Das gesprochene Wort
Von Annuschka Eckhardt
Der modrige Geruch alter Bücher, der leicht chemische Geruch neuer Bücher. Wo ein zerfledderter Dostojewski neben einem glänzenden Do-it-yourself-Upcycling-Ratgeber steht. Wo verzweifelte Studierende auf literaturbegeisterte Senioren treffen. Bibliotheken sammeln, erschließen, bewahren und machen Informationen verfügbar. Sind sie Orte der Ruhe oder Orte der Begegnung?
Die Mittelpunktbibliothek Köpenick liegt im Berliner Osten in der Altstadt Köpenick nahe der Müggelspree. 100 Kilometer Bücher gibt es hier. Vom Fenster des oberen Stockwerks ist das Wasser zu sehen, Jürgen Polinski sitzt auf einem schwarzen Ledersofa und erzählt von seiner Kindheit in der DDR. Er hat ein rotes Fotoalbum mitgebracht, dass sein Vater für ihn gebastelt hat. Vom Kindergarten bis zur Einladung zur Jugendweihe 1969 sind alle Schritte eingeklebt – Fotos, Zeitungsausschnitte, Zeugnisse. In der neunten Klasse hatte Polinski in Turnen nur eine Drei. Daneben klebt ein Ausschnitt zur Ausstellung »Kämpfer und Sieger – 20 Jahre DDR«. »Das war aber alles ziemlich politisiert«, bemerkt eine Teilnehmerin. »Wir bewegen uns immer in einem politischen Kontext«, antwortet Polinski und streicht über eine Blume von den Weltfestspielen, die sein Vater ausgeschnitten und in das Album geklebt hat.
Bei der Veranstaltungsreihe »Lebendige Kiezbibliothek« werden die Bibliotheken im Berliner Osten zu Begegnungsstätten. Die lebendige Bibliothek besteht aus Menschen statt aus Büchern – Menschen mit Geschichten. Die Nachbarinnen und Nachbarn mit ostdeutscher Biographie oder Migrations- und Fluchtgeschichte teilen ihre Erzählungen mit Interessierten.

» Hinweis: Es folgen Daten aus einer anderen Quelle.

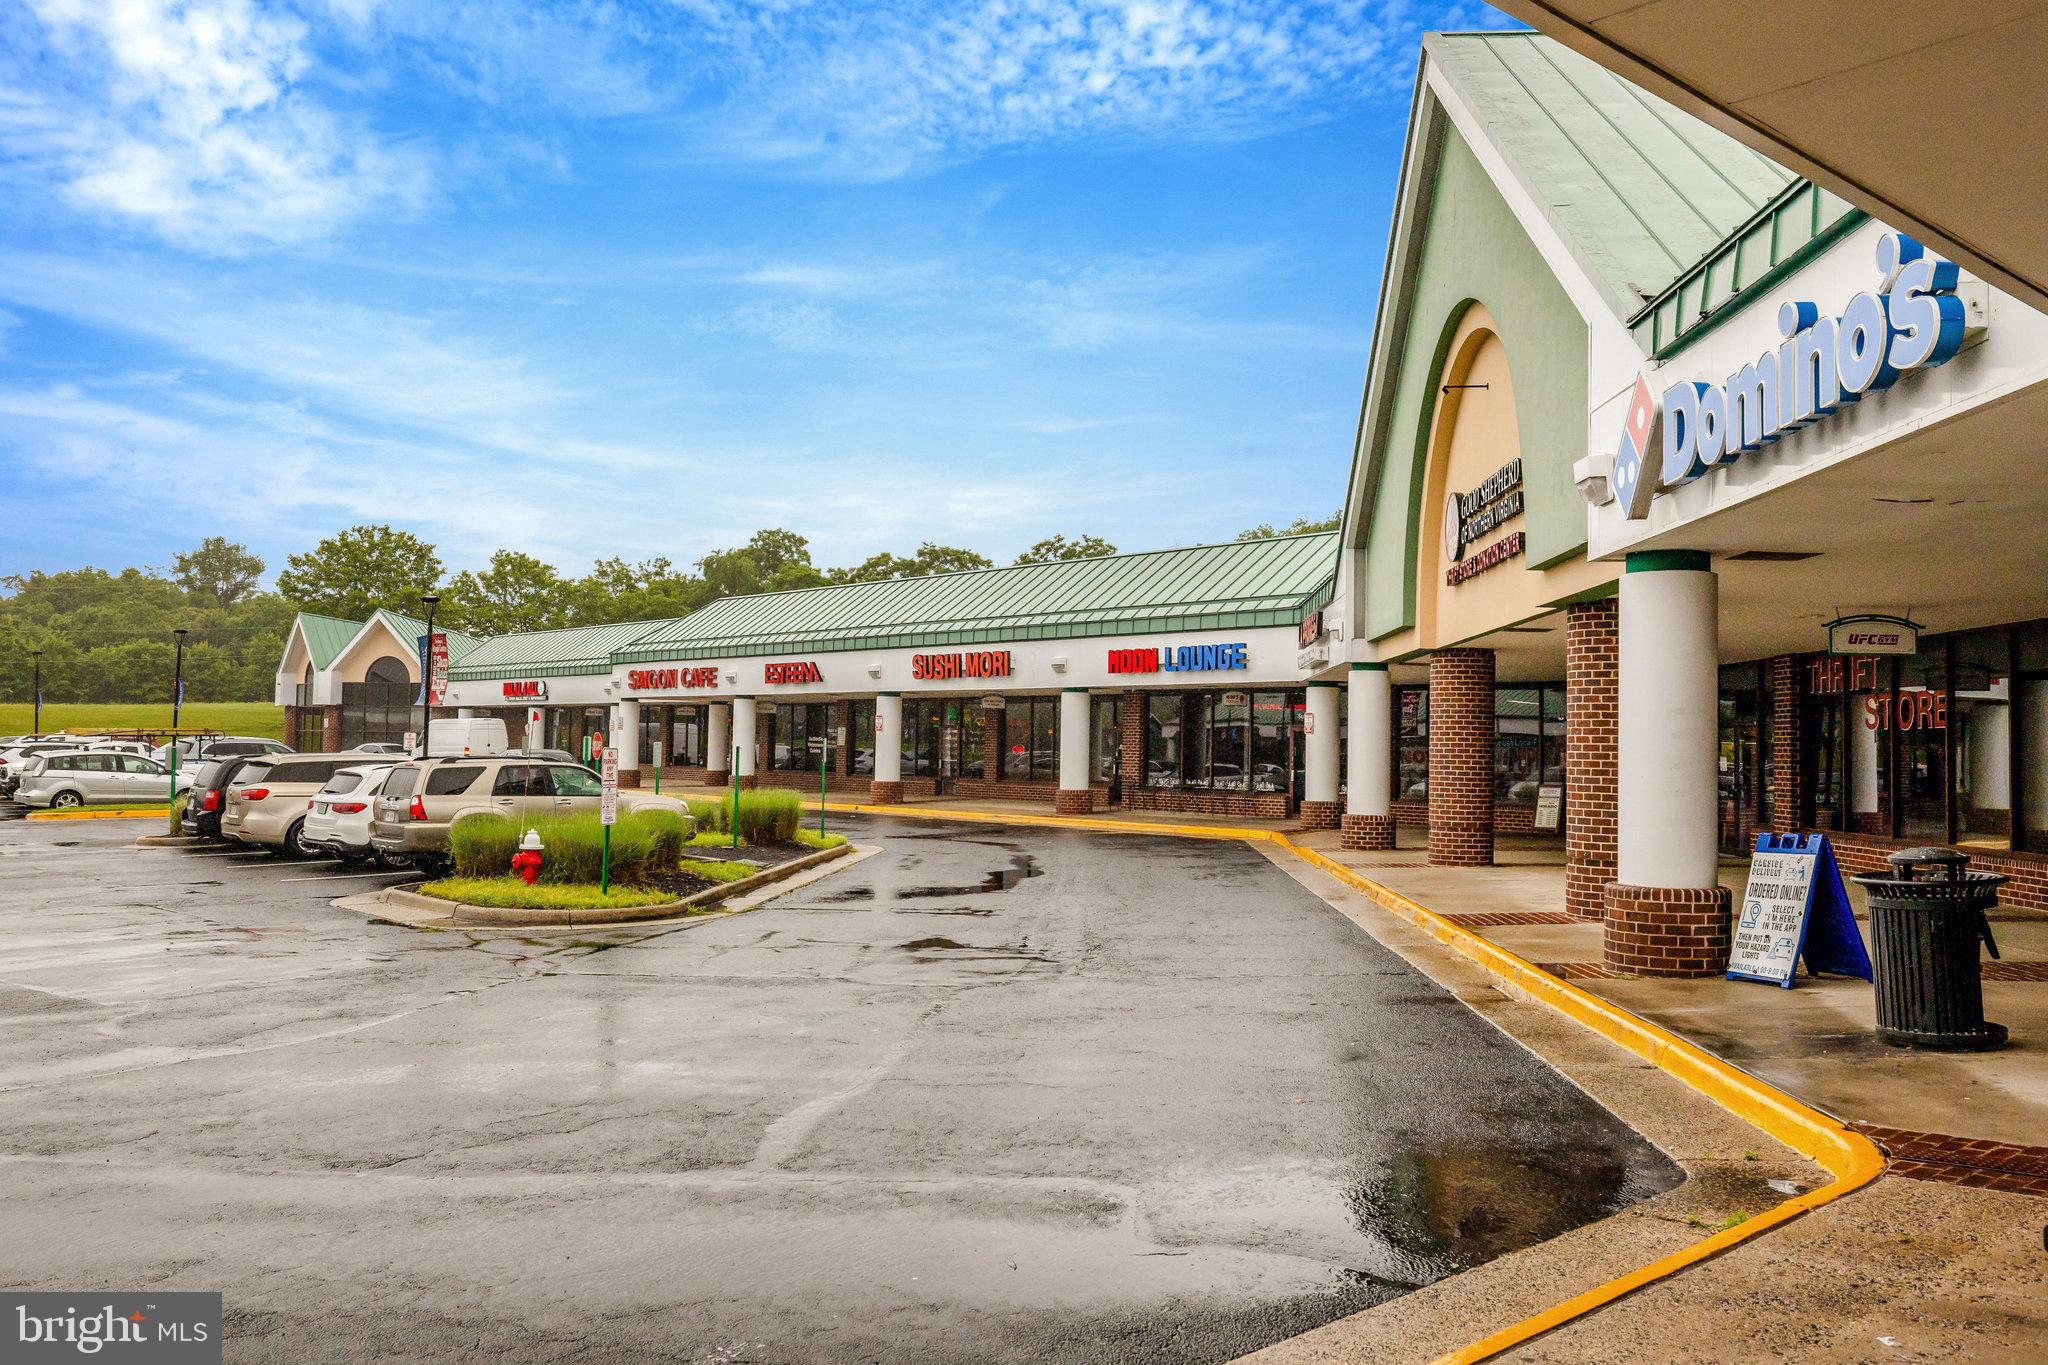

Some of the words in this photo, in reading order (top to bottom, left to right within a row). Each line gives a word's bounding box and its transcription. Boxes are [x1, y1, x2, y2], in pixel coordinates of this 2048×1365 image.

[1663, 233, 1960, 486] Domino's
[1461, 487, 1480, 519] GOOD
[1480, 458, 1521, 506] SHEPHERD
[1495, 491, 1522, 524] VIRGINIA
[1499, 531, 1520, 562] CENTER
[1848, 633, 1878, 645] UFC
[1877, 634, 1900, 646] GYM
[912, 653, 963, 680] SUSHI
[965, 650, 1011, 678] MORI
[1108, 648, 1159, 674] MOON
[1164, 643, 1247, 672] LOUNGE
[628, 669, 679, 690] SAIGON
[681, 667, 719, 689] CAFE
[765, 661, 824, 684] ESTEEM
[1864, 691, 1948, 732] STORE
[603, 758, 618, 766] PARKING
[1749, 883, 1780, 899] ORDERED
[1780, 884, 1808, 902] ONLINE?
[1772, 905, 1795, 914] SELECT
[1738, 932, 1753, 941] THEN
[1752, 934, 1764, 943] PUT
[1763, 935, 1771, 944] ON
[1761, 921, 1770, 930] IN
[1771, 922, 1784, 932] THE
[1783, 924, 1797, 933] APP
[1735, 940, 1749, 950] YOUR
[1749, 943, 1771, 953] HAZARD
[1741, 951, 1760, 961] LIGHTS
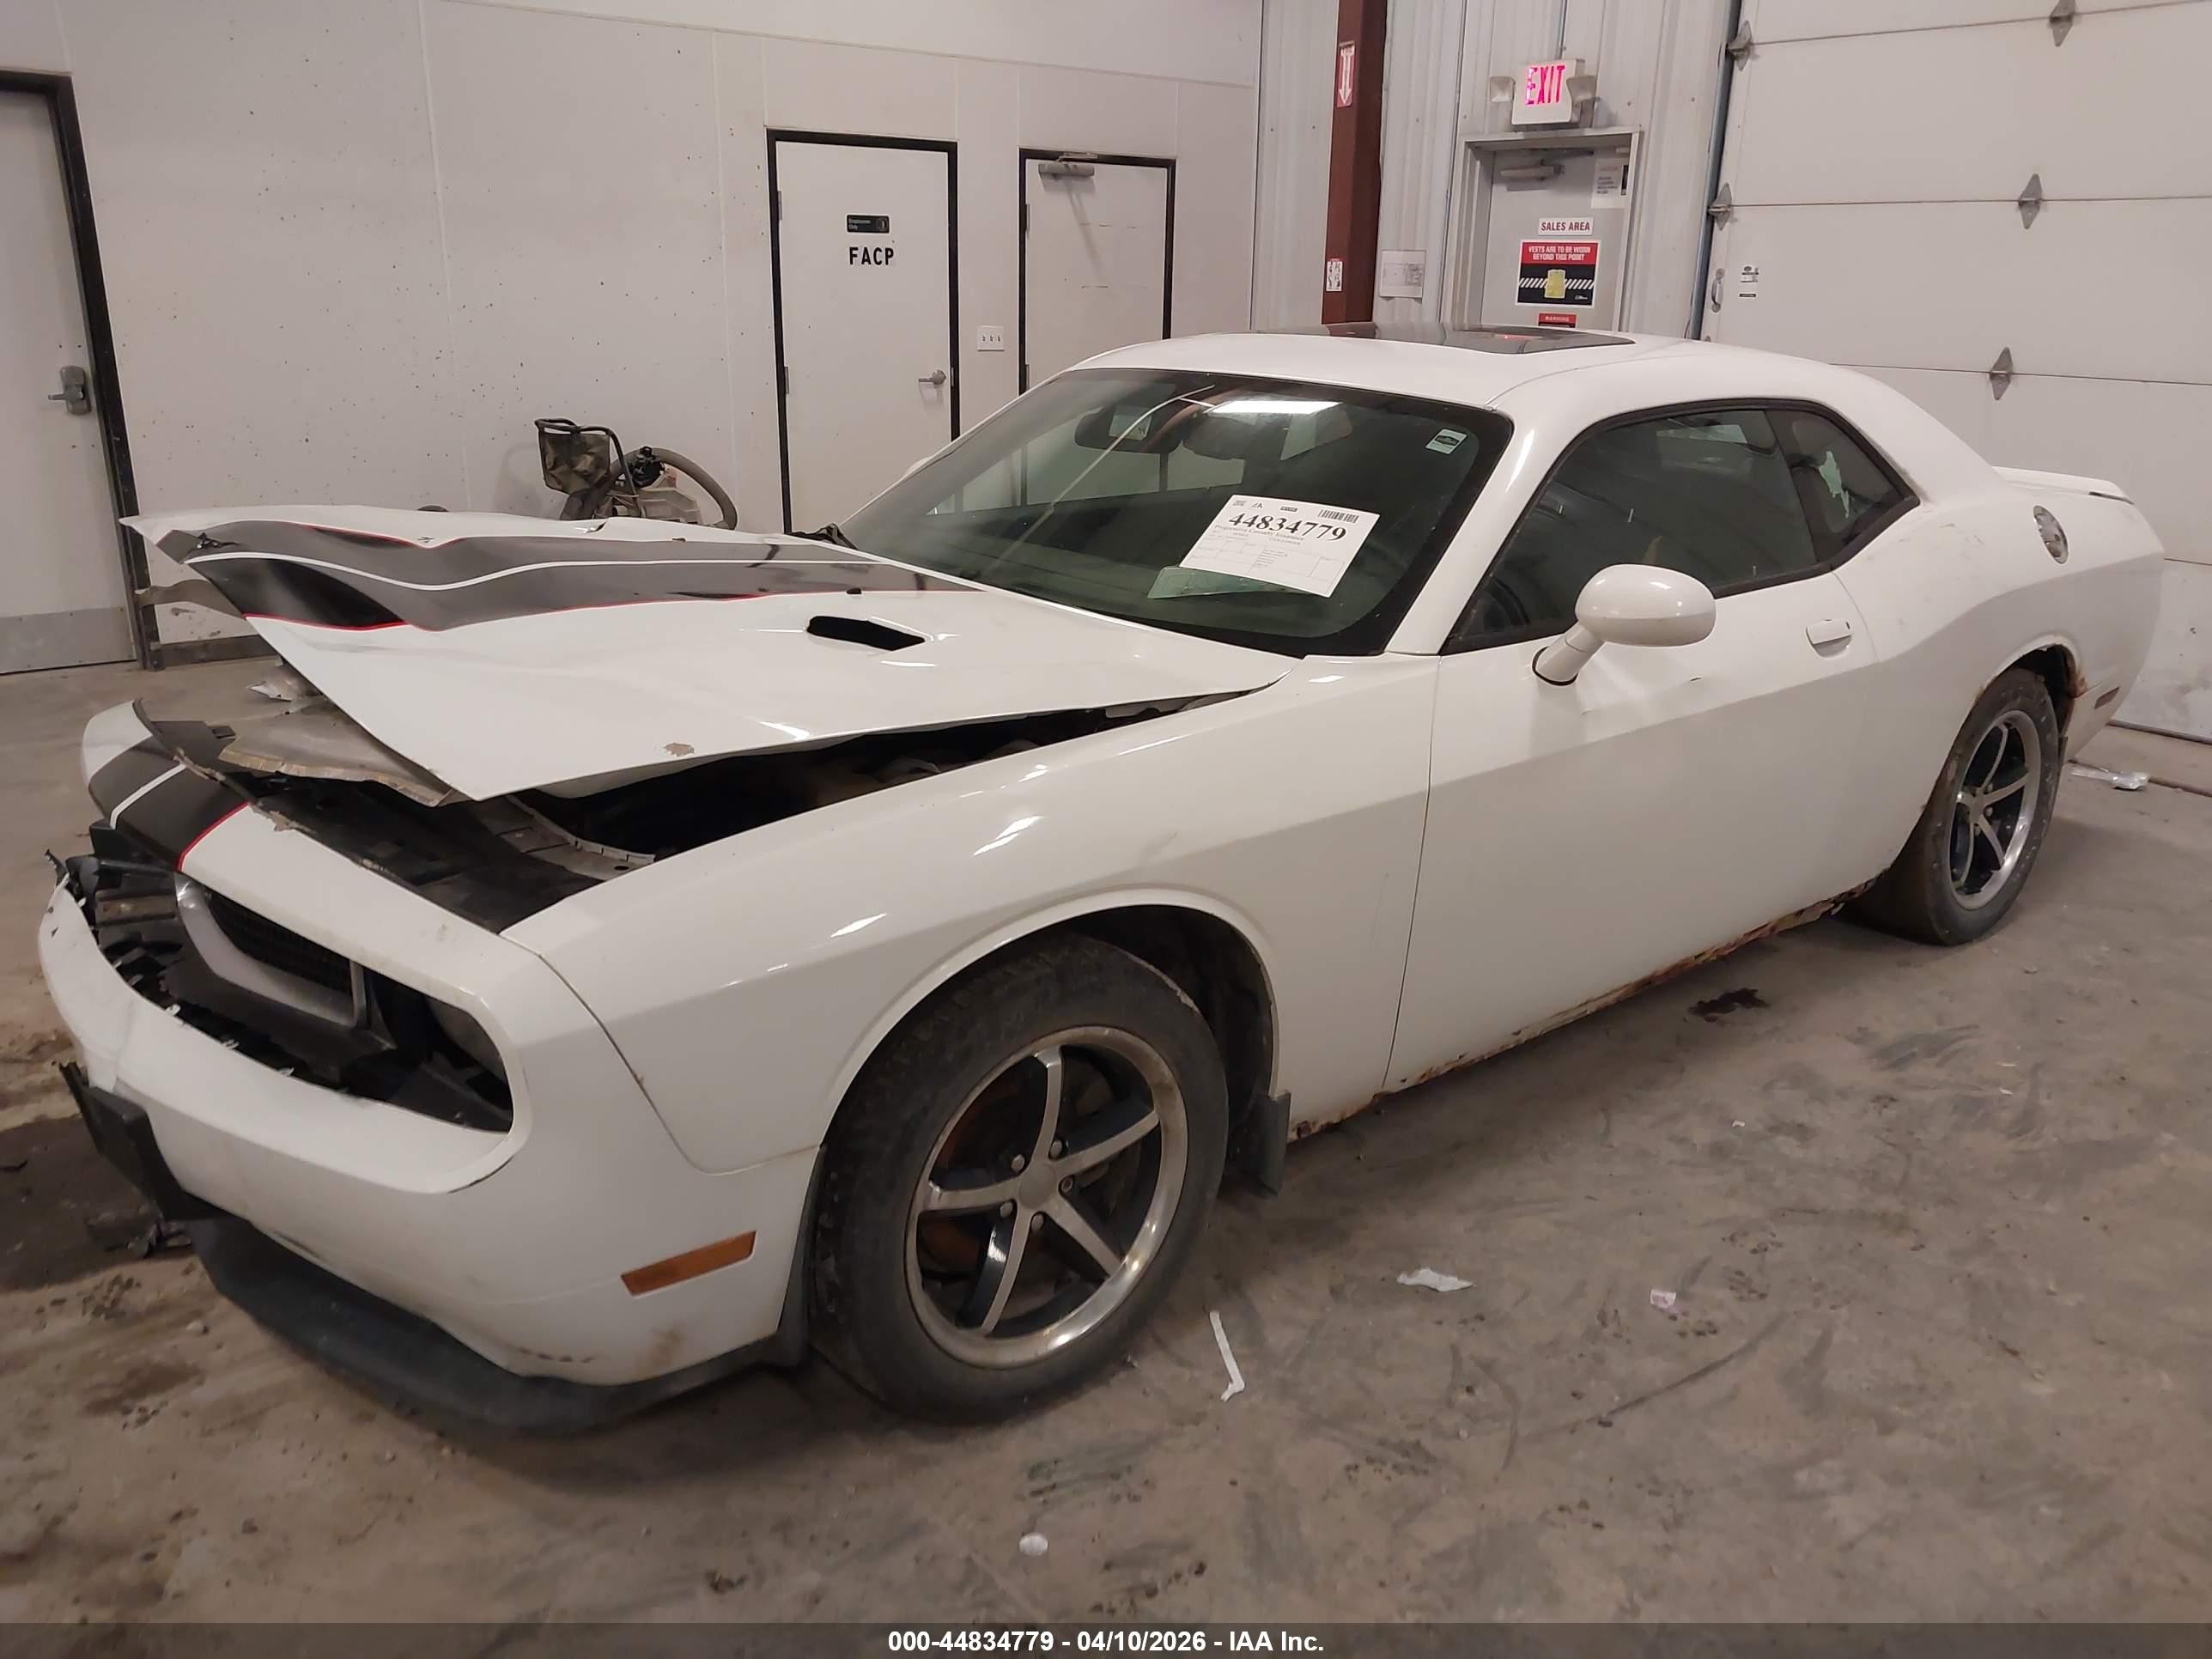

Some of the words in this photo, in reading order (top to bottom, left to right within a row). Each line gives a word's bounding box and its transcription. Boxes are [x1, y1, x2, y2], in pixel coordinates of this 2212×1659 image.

Eine Etage tiefer, ebenfalls in der Mittelpunktbibliothek Köpenick, spricht ein anderes menschliches Buch. Aswad Mako ist Jeside und erzählt vom 3. August 2014, als der sogenannte IS in den Sengal in Südkurdistan einmarschierte, wie er es schaffte auszureisen und vom Leben in der größten jesidischen Diaspora. Mehr als 200.000 Jesidinnen und Jesiden leben in der BRD. Die Zuhörenden werden ganz still.
Entstanden ist die Idee zur lebendigen Kiezbibliothek, als die Migrationsforscherin Naika Foroutan 2018 sagte, dass Ostdeutsche und migrantische Personen eine ähnliche Form von Ausgrenzung und Identitätsverlust erleben würden. Organisiert wird die Veranstaltungsreihe von Interaxion (offensiv ’91 e. V.), Willkommensbüro und Wohnraumberatung für Menschen mit Migrations- und Fluchterfahrung in Treptow-Köpenick, und der Initiative Offene Gesellschaft e. V.
»Es ist wie eine Art Therapie, eine Kur«, sagt Polinski, der zu DDR-Zeiten selbst in der Bibliothek der Humboldt-Universität arbeitete. Die Idee sei gut, findet Polinski, der als »Buch« bei der Veranstaltung ist und seine Geschichte erzählt hat, »auf das Ursprüngliche zurückzukehren, das gesprochene Wort«.